Problem statement → Output all of the data exactly as it appears, but leave out any pictures it contains.

(Dataset records)
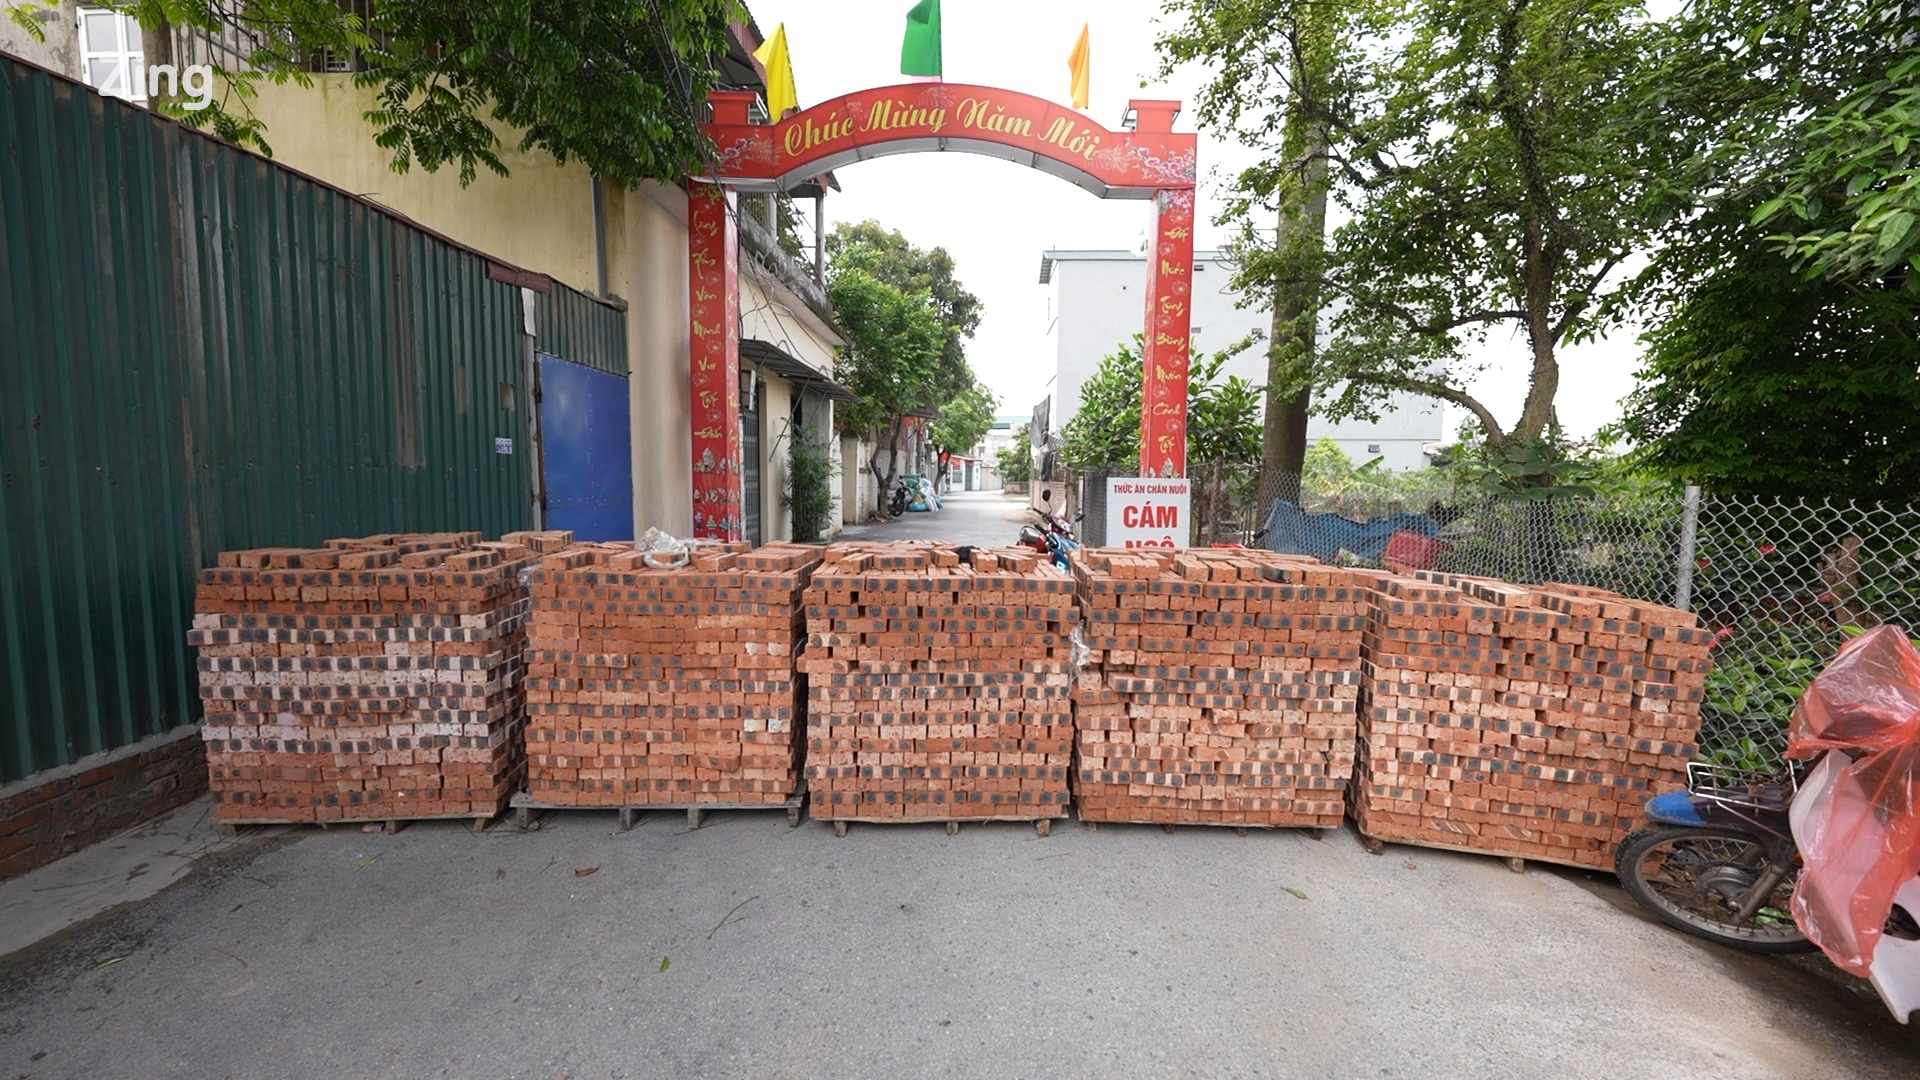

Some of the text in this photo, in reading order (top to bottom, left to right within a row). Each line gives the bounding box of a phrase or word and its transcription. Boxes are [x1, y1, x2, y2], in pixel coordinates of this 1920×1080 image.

[784, 97, 1101, 161] Chúc Mừng Năm Mới
[692, 319, 721, 340] Minh
[698, 355, 717, 372] Vui
[1123, 501, 1178, 528] CÁM

Reply to the task →
Some of the text in this photo, in reading order (top to bottom, left to right within a row). Each line gives the bounding box of a phrase or word and its transcription. Boxes are [x1, y1, x2, y2], in pixel coordinates of this 1920×1080 image.

[784, 97, 1101, 161] Chúc Mừng Năm Mới
[692, 319, 721, 340] Minh
[698, 355, 717, 372] Vui
[1123, 501, 1178, 528] CÁM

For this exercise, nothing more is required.